Dining out can be fun. The camaraderie of friends and family, laughter, intimacy, new experiences in new places, familiar foods, exotic, unfamiliar foods. What’s not to love? Americans love to eat out, but now that you’re eating healthy, are you doomed to be excluded forever from these culinary adventures? Not if you learn how to eat healthy when eating out.
When you’re planning to eat out, it’s important to know why. Always ask yourself why, first.
Are you eating out because you want to spend time with friends and family and that’s what they’re doing? Great! Suggest some restaurants that you know you can eat at. Research a list ahead of time so you’ll always have suggestions available.
Are you eating out to try something new? Great! God has given us such an abundance of healthy foods and many cultures use healthy foods in their cooking. Again, research ahead of time so you’re not thrown off by an unfamiliar menu.
Are you eating out because you’re tired of eating healthy and you’re secretly (or not-so-secretly) trying to sabotage yourself? Now’s the time to put on the brakes and find out why you’re trying to sabotage yourself. This is beyond the scope of this article, but please, find out what is happening that is causing you to sabotage yourself and don’t eat out until you find out why you’re doing this.
If you know why you’re eating out and you have a plan, it’s easy to stick to your healthy eating agenda.
Ask For What You Want
Many restaurants nowadays provide a great deal of nutritional information. If it’s not on the menu, all you need to do is ask. Need a low-sodium meal? Gluten free? Dairy free? Sugar-free? Vegan? Organic and GMO-free? There are many options available and some restaurants even cater to specific food restrictions. (Just do a web search listing your city and the type of restaurant you’re looking for; eg., “Tucson organic restaurants.”) But what happens when you find yourself in a generic restaurant and you don’t want to blow all the hard work you’ve put into becoming healthier?

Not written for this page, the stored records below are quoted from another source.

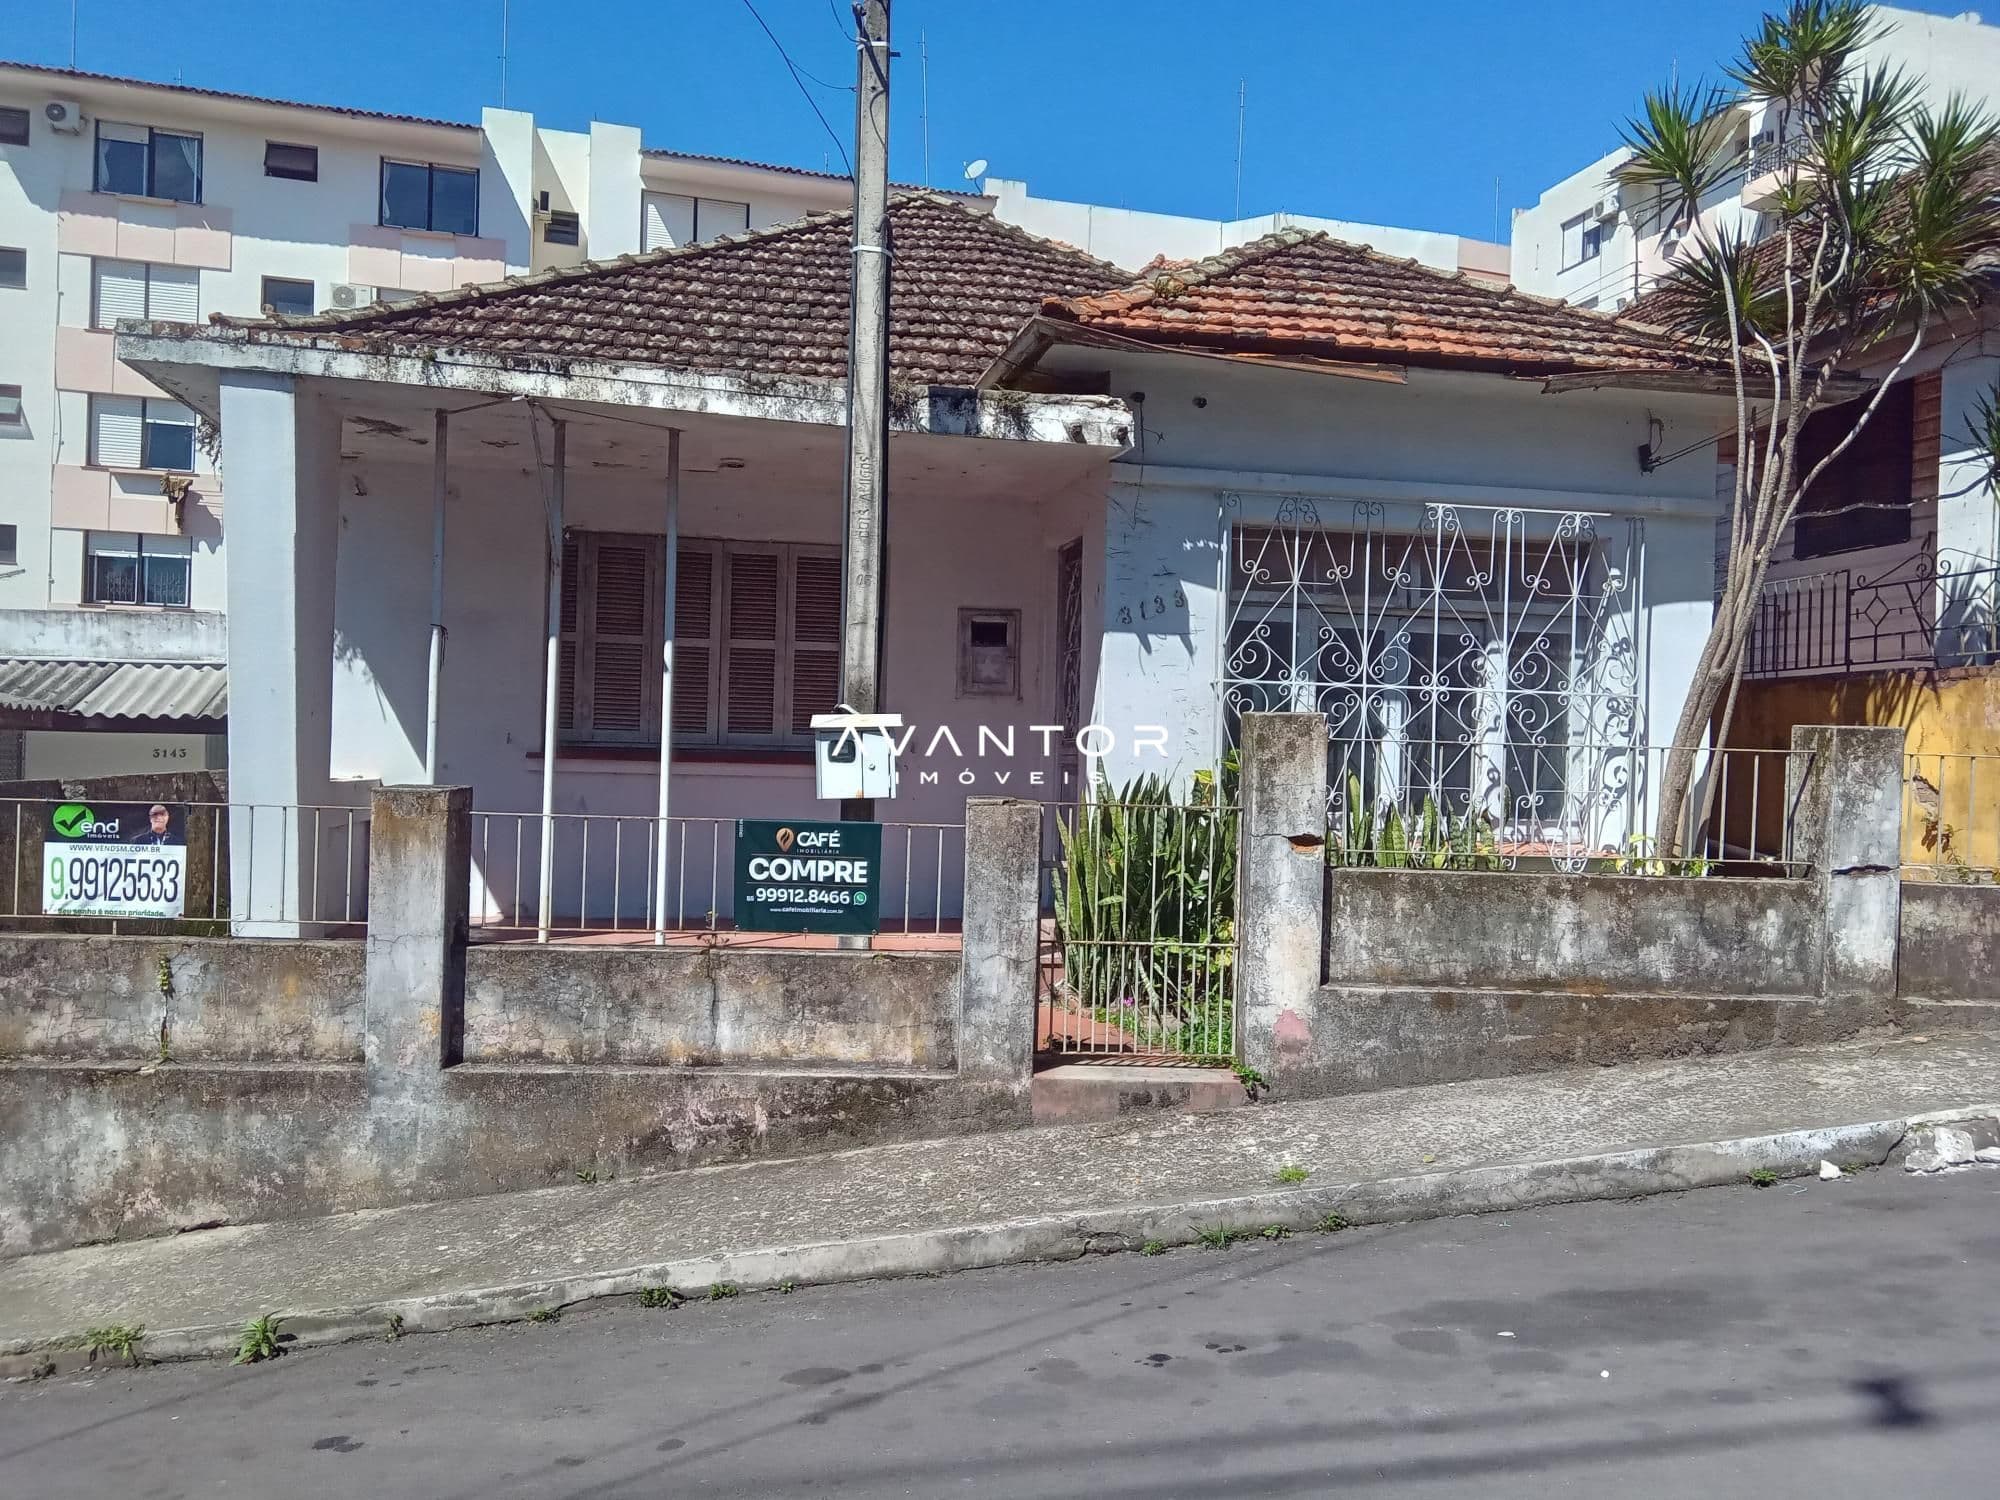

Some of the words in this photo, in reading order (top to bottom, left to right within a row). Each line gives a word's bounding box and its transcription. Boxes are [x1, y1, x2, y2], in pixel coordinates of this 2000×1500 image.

[152, 748, 187, 759] 3143
[796, 830, 841, 848] CAFÉ
[69, 844, 161, 854] WWW.VENDSM.COM.BR
[748, 857, 868, 883] COMPRE
[51, 857, 180, 902] 9.99125533
[756, 888, 850, 904] 99912.8466

I’ve found that I can simply ask for what I want. For instance, I don’t eat grains, dairy, or sugar. So, depending on the type of restaurant I’m at, I’ve asked for and received these not-on-the-menu meals:
- A salad with a grilled chicken breast, balsamic vinegar on the side.
- Grilled chicken breast, salmon, or steak with grilled vegetables.
- A beef patty with avocado slices and sweet potato fries.
- A Cobb salad without cheese, bacon, or other processed meats.
- Scrambled eggs with vegetables.
Those are seven options that I can ask for at just about any restaurant. Even most fast food restaurants (which I recommend that you avoid altogether for reasons beyond the scope of this article) can give you a salad, a grilled chicken breast, or a plain hamburger patty. It just takes thinking outside the box.
Snacks When You’re Away From Home
What will you do if you’re going to be away from home for a long period of time without the possibility of eating a healthy meal? Fortunately, you don’t have to starve to death because there are many options.
Personally, I follow an intermittent fasting schedule, eating three meals per day about four hours apart. Because of this, I’m always full and I don’t need to snack. But sometimes I’m out and about at what would normally be a meal time for me. What do I do?
The first thing I’ve realized is that I won’t die if I skip a meal. There are some medical conditions, like hypoglycemia and diabetes, where you absolutely should eat regularly. Please follow your doctor’s instructions for this. Since I don’t have any medical reasons, it’s okay for me to skip a meal every now and then.
Here are some ideas for take-along snacks. Some require an ice pack in your tote bag, some can live in your purse indefinitely. Again, like with eating out, snacks require advance planning. Eventually, it will become second nature to you.
- Hard boiled eggs
- Carrots, celery, jicama sticks
- Nuts and seeds
- Kale chips
- Citrus fruits
- Granny Smith (sour) apples
Beware traditional snacks like dried fruits, which have high concentrations of sugar, and protein bars. There are some good proteins bars on the market, but you will need to research the ingredients to make sure you’re not eating an unhealthy food in a healthy-food disguise. I also do not recommend pre-prepared smoothies, which may have dairy and sugar in them. I don’t recommend edamame because it is an underripe soybean; soybeans are known endocrine disruptors.
When you eat healthfully, your cells will be satiated and you won’t need to overeat. That’s why eating healthy means you can eat until you’re satisfied and not have to go hungry. You can eat out, stick to your eating plan, and enjoy yourself. It just takes a little forethought and planning, and you can learn how to eat healthy when eating out.